If you run this now, it'll probably work already (assuming you defined the deploy-steps on your own) because LambdaCD already comes with in-cwd. But let's just assume it wouldn't. How could we implement it ourselves?

LambdaCD just execute the elements in the pipeline one by one. If it is a function-name, it executes this function. If it is a list, it first evaluates the list (i.e. executes the function on the beginning of the list with the rest as parameters) and then executes the result.

So to implement our-own-in-cwd, we need a function that takes the location of the working directory and a number of functions and returns a function that matches the step-contract. So far so good:

(defn our-own-in-cwd [cwd & steps]
  (fn [args ctx]
    {:status :success}))

Now we satisfied the contract, but we still need someone to do the hard work of actually calling the child-steps. For this, lambdacd.core provides execute-steps. It takes the steps, the arguments for the steps and a context. But beware, we can't just use our normal context. We now need something called a base-context, which (in a very simplified way) makes sure that LambdaCD can identify the steps as being children of your step.

To put it all together:

(defn our-own-in-cwd [cwd & steps]
  (fn [args ctx]
        (core/execute-steps steps (assoc args :cwd cwd) ctx)))

What's left for you - deployment

So you are done, you have implemented a complete continuous delivery pipeline. Just one problem left: It sits on your machine and you probably want it deployed somewhere in your shiny datacenter, on AWS or DigitalOcean, right next to your beautiful, aging Jenkins snowflake.
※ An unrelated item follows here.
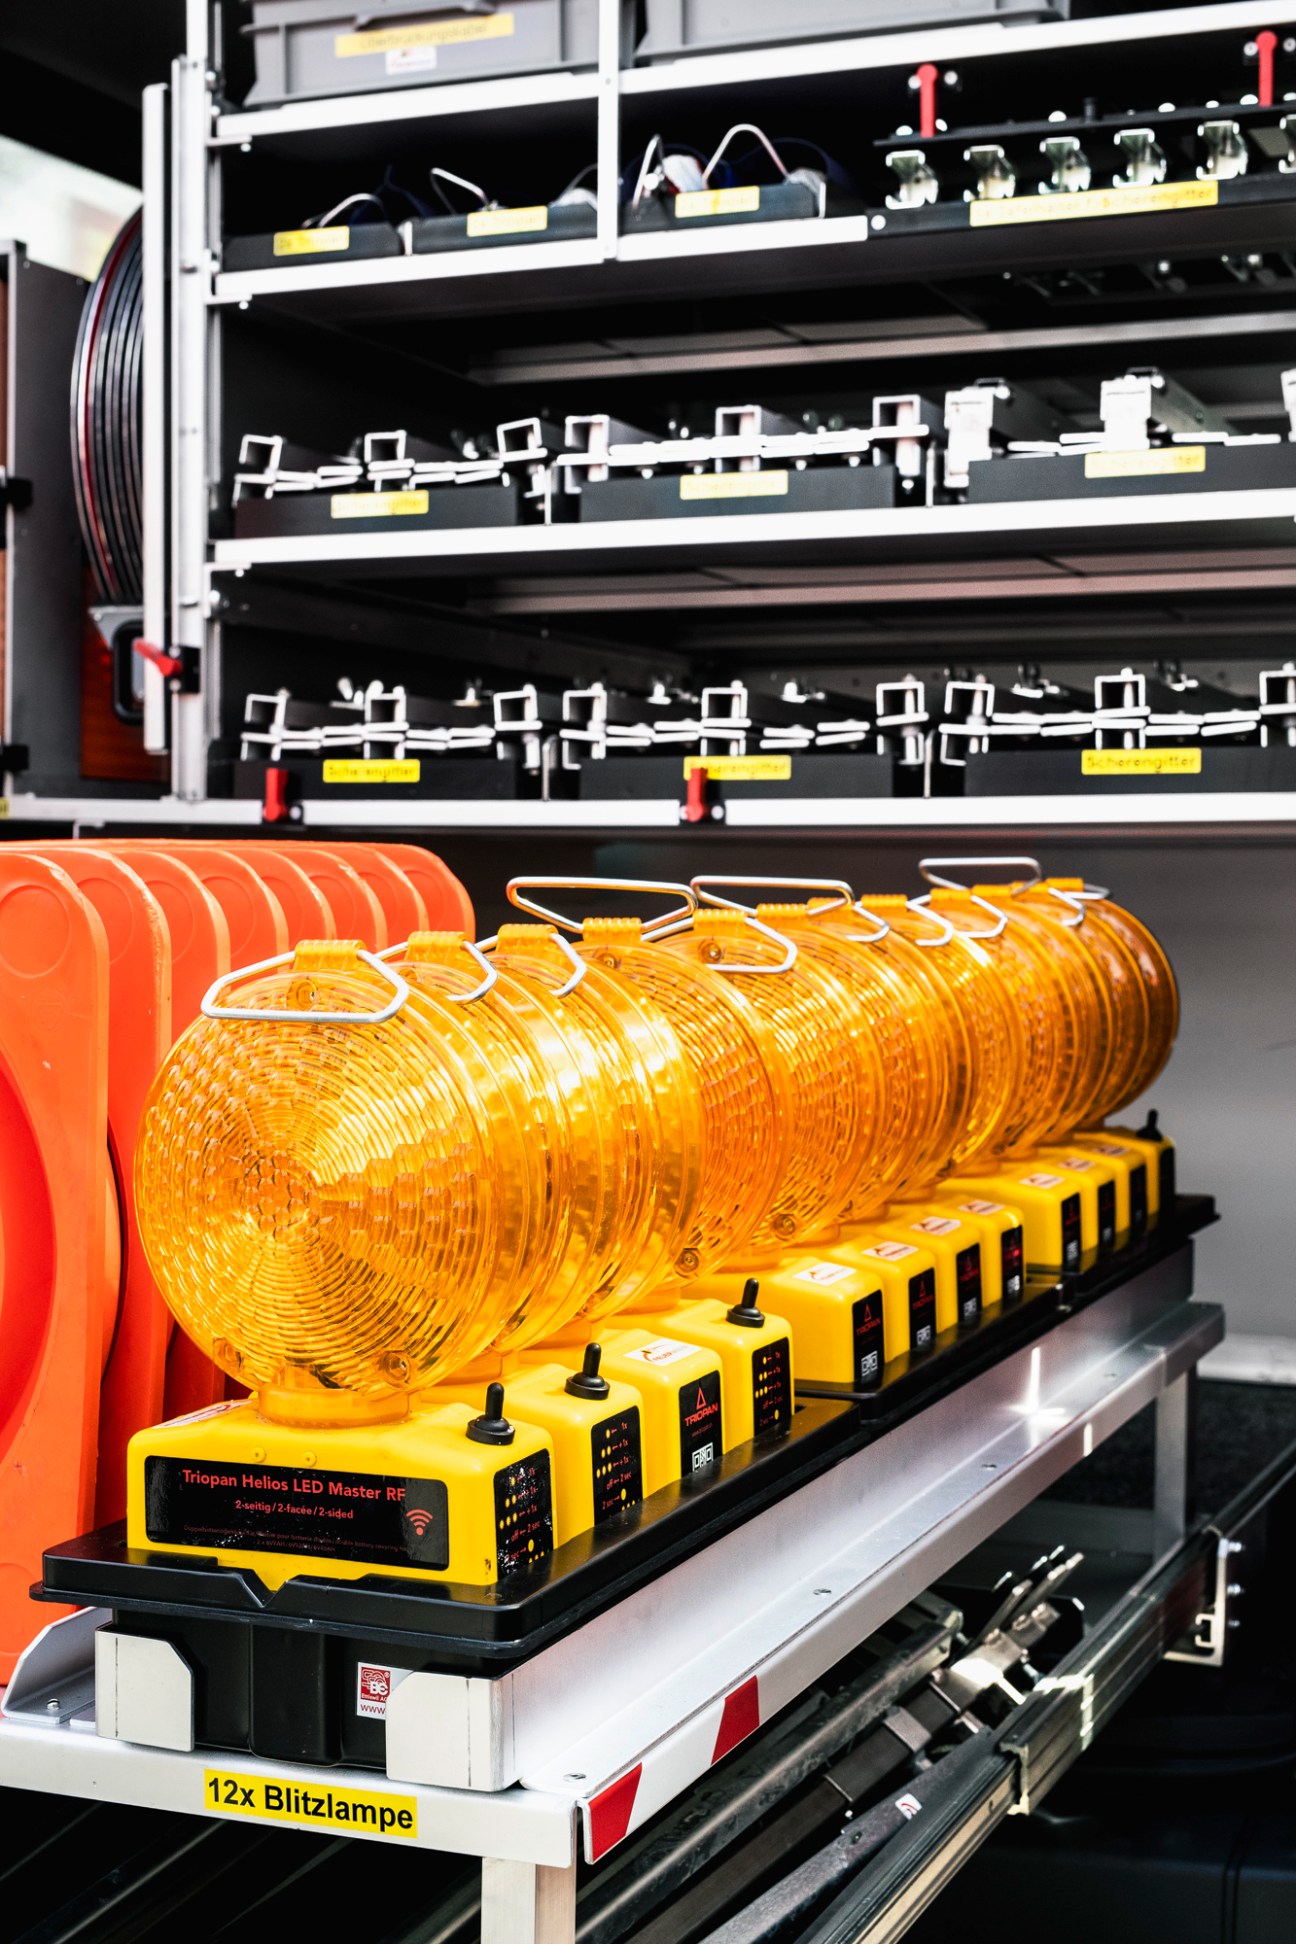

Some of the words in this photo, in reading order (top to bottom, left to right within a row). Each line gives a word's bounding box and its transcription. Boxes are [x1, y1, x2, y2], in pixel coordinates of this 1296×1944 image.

As I'm not an expert on your particular infrastructure, you'll probably have to figure things out for yourself from now on. But here are a few pointers.

All you have done so far is develop a normal ring-based clojure application, so you can deploy it like one. lein-ring will help you out there. It can create an executable uberjar for you or just package everything into a WAR to deploy to your favorite application server.

And then you are done. Well, almost. Maybe you'll want to create a pipeline to deploy your pipeline in case you want to change and redeploy automatically? But that's up to you now.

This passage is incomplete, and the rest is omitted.